**Directions**. Write the records out exactly, so that no picture remains in the copy.

**Data extracted from a collection**.
• • • •

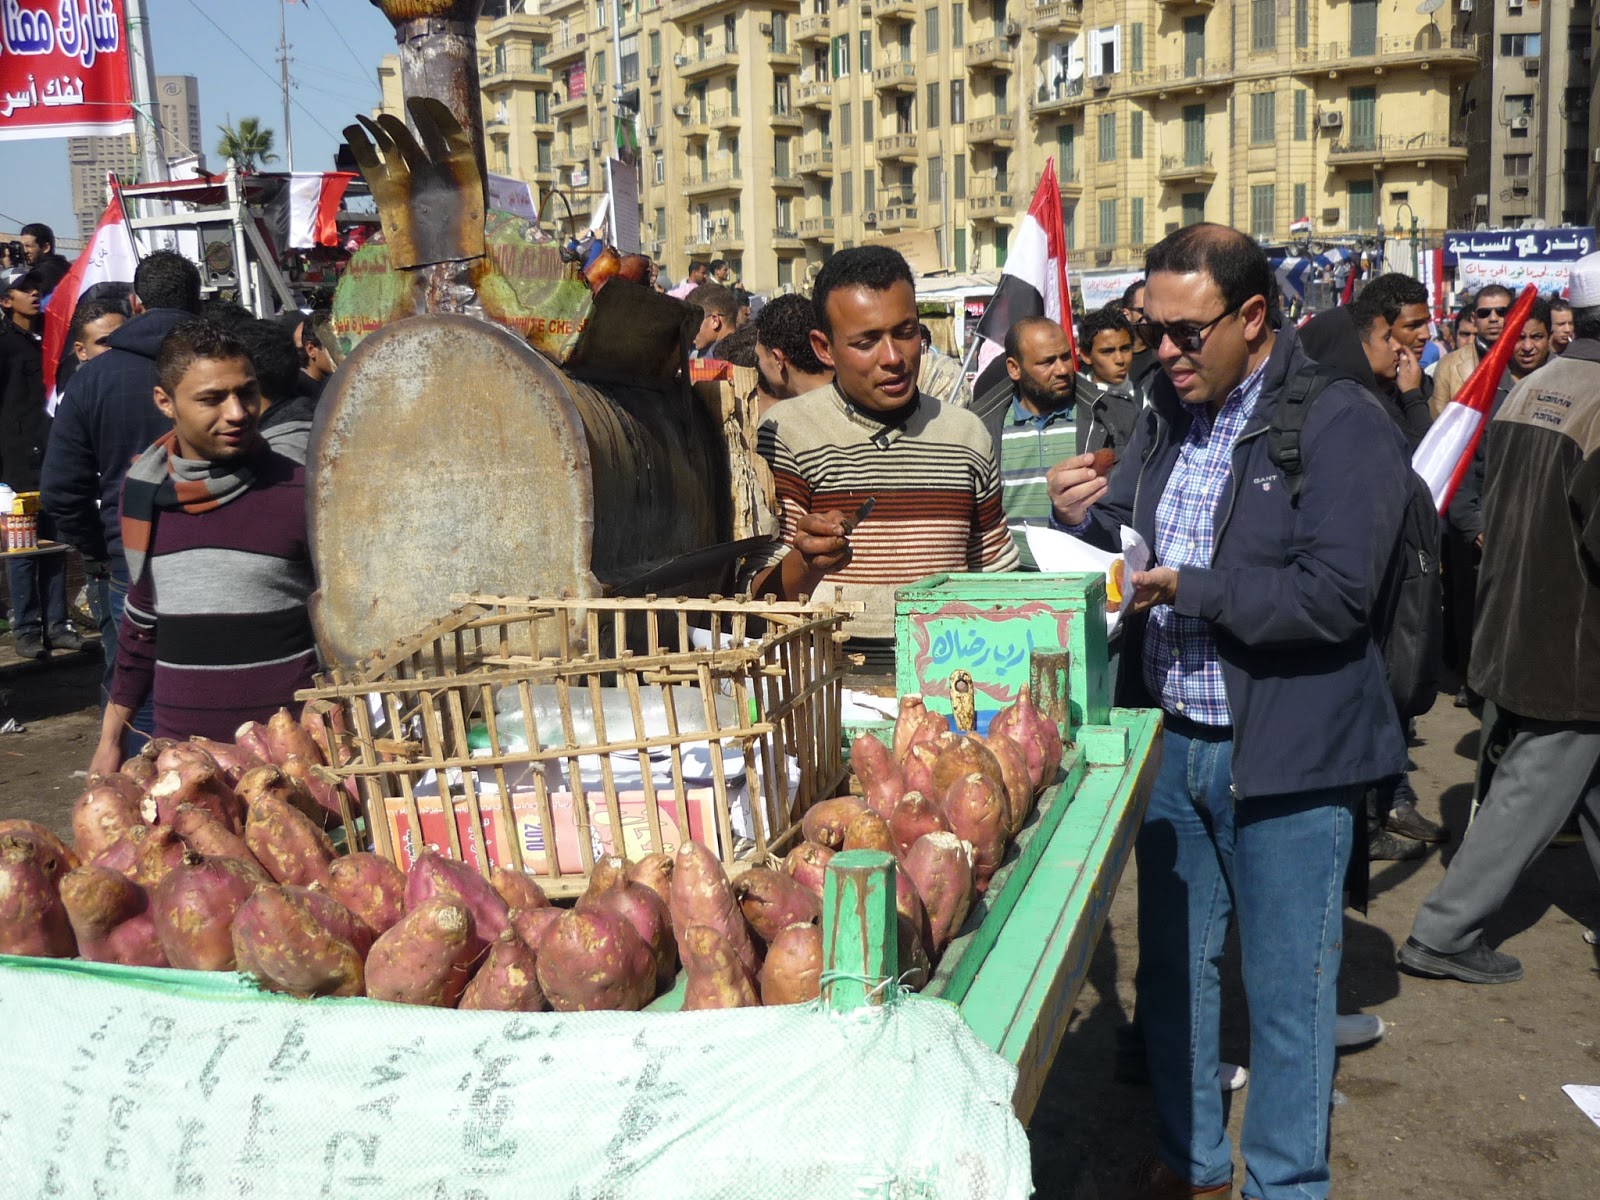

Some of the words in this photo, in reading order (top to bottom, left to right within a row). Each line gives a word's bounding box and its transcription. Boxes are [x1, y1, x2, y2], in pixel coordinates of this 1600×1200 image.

[42, 75, 84, 106] لفك
[1448, 236, 1511, 257] للسياحة
[1542, 233, 1589, 255] وندر
[1253, 475, 1278, 484] GANT
[524, 823, 546, 852] 2010
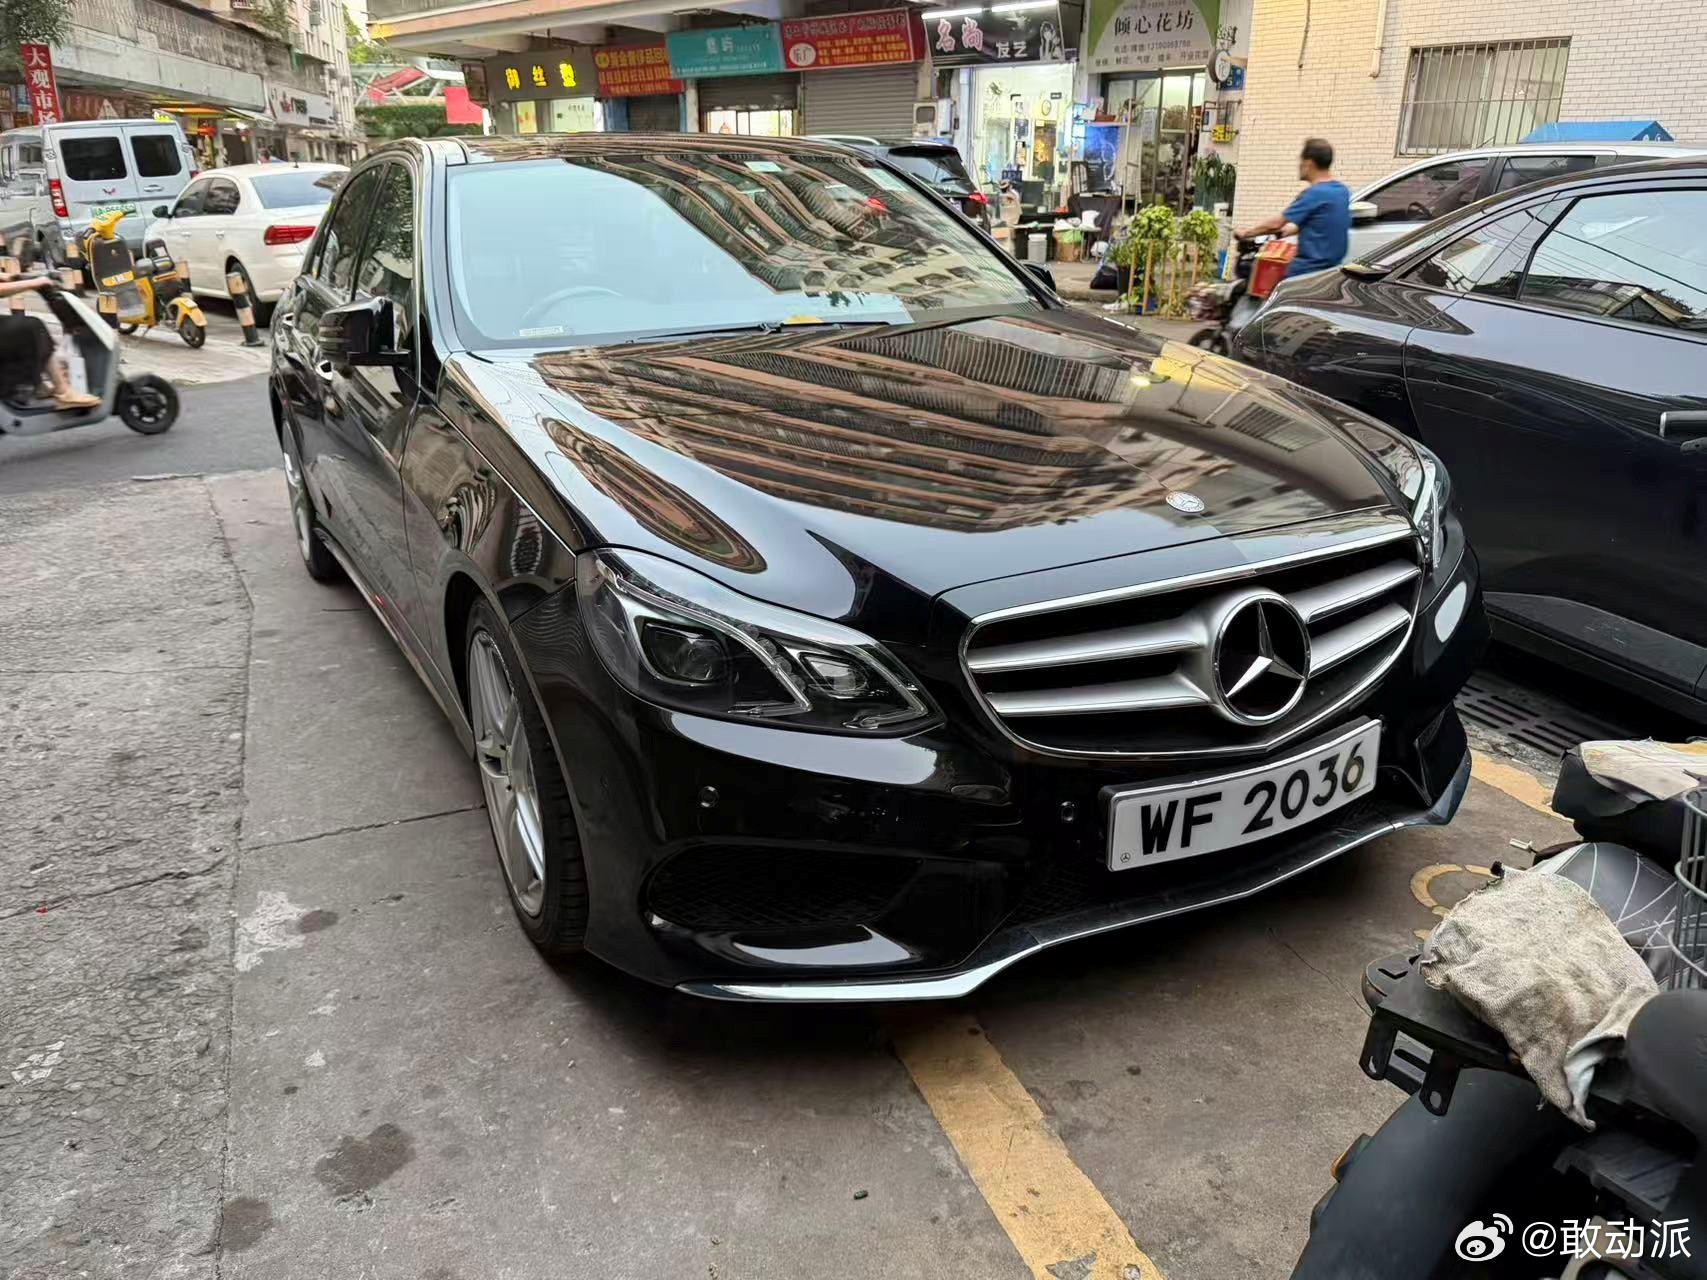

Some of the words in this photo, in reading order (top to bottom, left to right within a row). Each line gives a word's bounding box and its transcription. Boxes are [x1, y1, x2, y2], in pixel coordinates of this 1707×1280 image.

[1114, 10, 1194, 36] 倾心花坊
[1141, 792, 1223, 856] WF
[1241, 742, 1365, 835] 2036

• • • •

**Solution to the problem**.
Some of the words in this photo, in reading order (top to bottom, left to right within a row). Each line gives a word's bounding box and its transcription. Boxes are [x1, y1, x2, y2], in pixel coordinates of this 1600×1200 image.

[42, 75, 84, 106] لفك
[1448, 236, 1511, 257] للسياحة
[1542, 233, 1589, 255] وندر
[1253, 475, 1278, 484] GANT
[524, 823, 546, 852] 2010

Some of the words in this photo, in reading order (top to bottom, left to right within a row). Each line gives a word's bounding box and its transcription. Boxes are [x1, y1, x2, y2], in pixel coordinates of this 1707×1280 image.

[1114, 10, 1194, 36] 倾心花坊
[1141, 792, 1223, 856] WF
[1241, 742, 1365, 835] 2036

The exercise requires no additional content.